:: Data provided ::
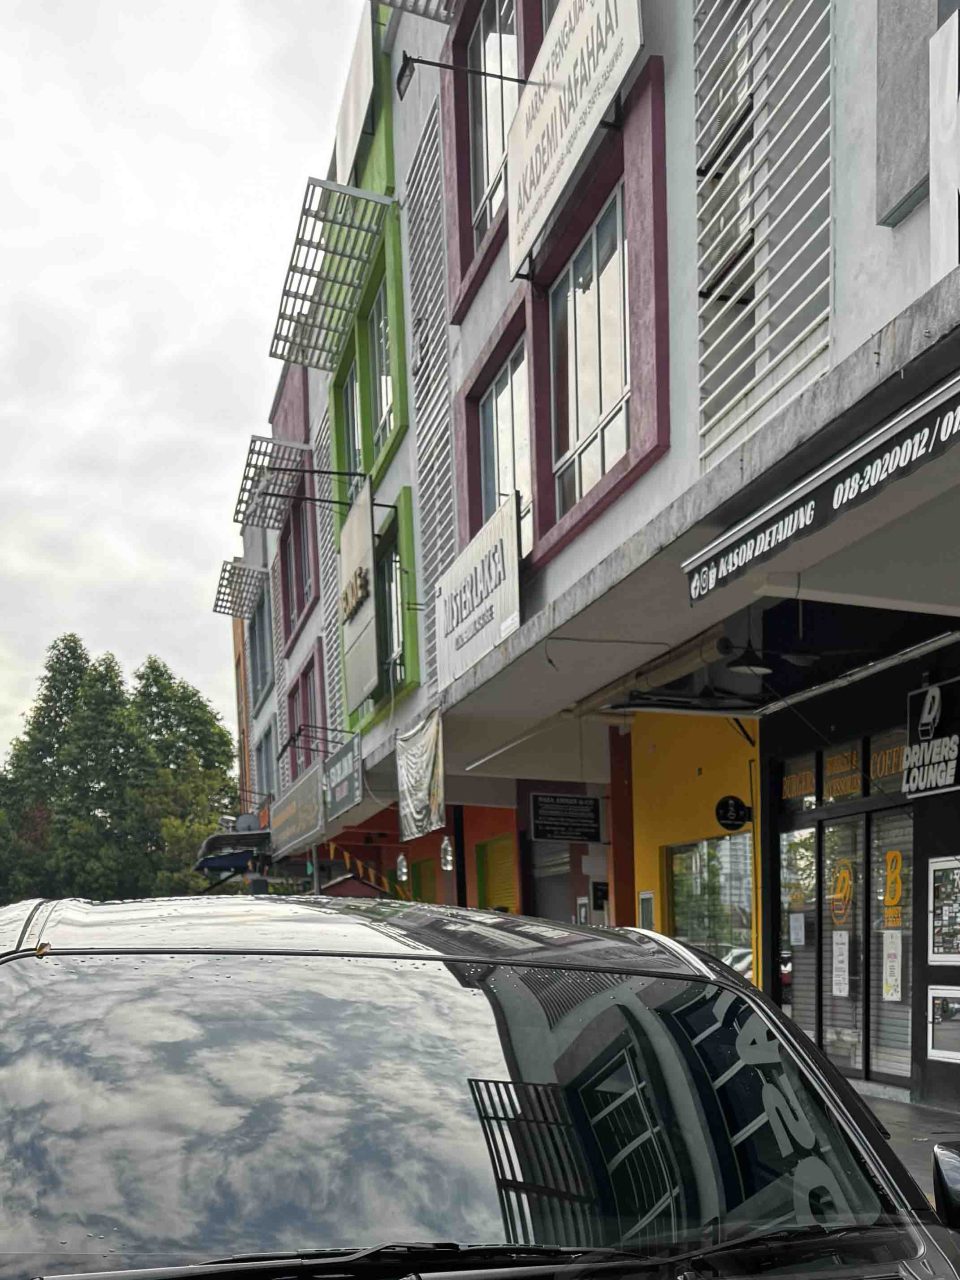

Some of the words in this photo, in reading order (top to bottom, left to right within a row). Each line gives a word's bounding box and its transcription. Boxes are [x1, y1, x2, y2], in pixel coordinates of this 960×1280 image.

[516, 107, 559, 224] AKADEMI
[717, 539, 755, 579] KASOR
[754, 501, 816, 556] DETAILING
[832, 428, 930, 510] 018-2020012
[901, 760, 958, 793] LOUNGE
[902, 735, 960, 770] DRIVERS

:: Work to be completed ::
After removing the pictures, restate the whole listing above word for word.

:: Written reply ::
Some of the words in this photo, in reading order (top to bottom, left to right within a row). Each line gives a word's bounding box and its transcription. Boxes are [x1, y1, x2, y2], in pixel coordinates of this 960×1280 image.

[516, 107, 559, 224] AKADEMI
[717, 539, 755, 579] KASOR
[754, 501, 816, 556] DETAILING
[832, 428, 930, 510] 018-2020012
[901, 760, 958, 793] LOUNGE
[902, 735, 960, 770] DRIVERS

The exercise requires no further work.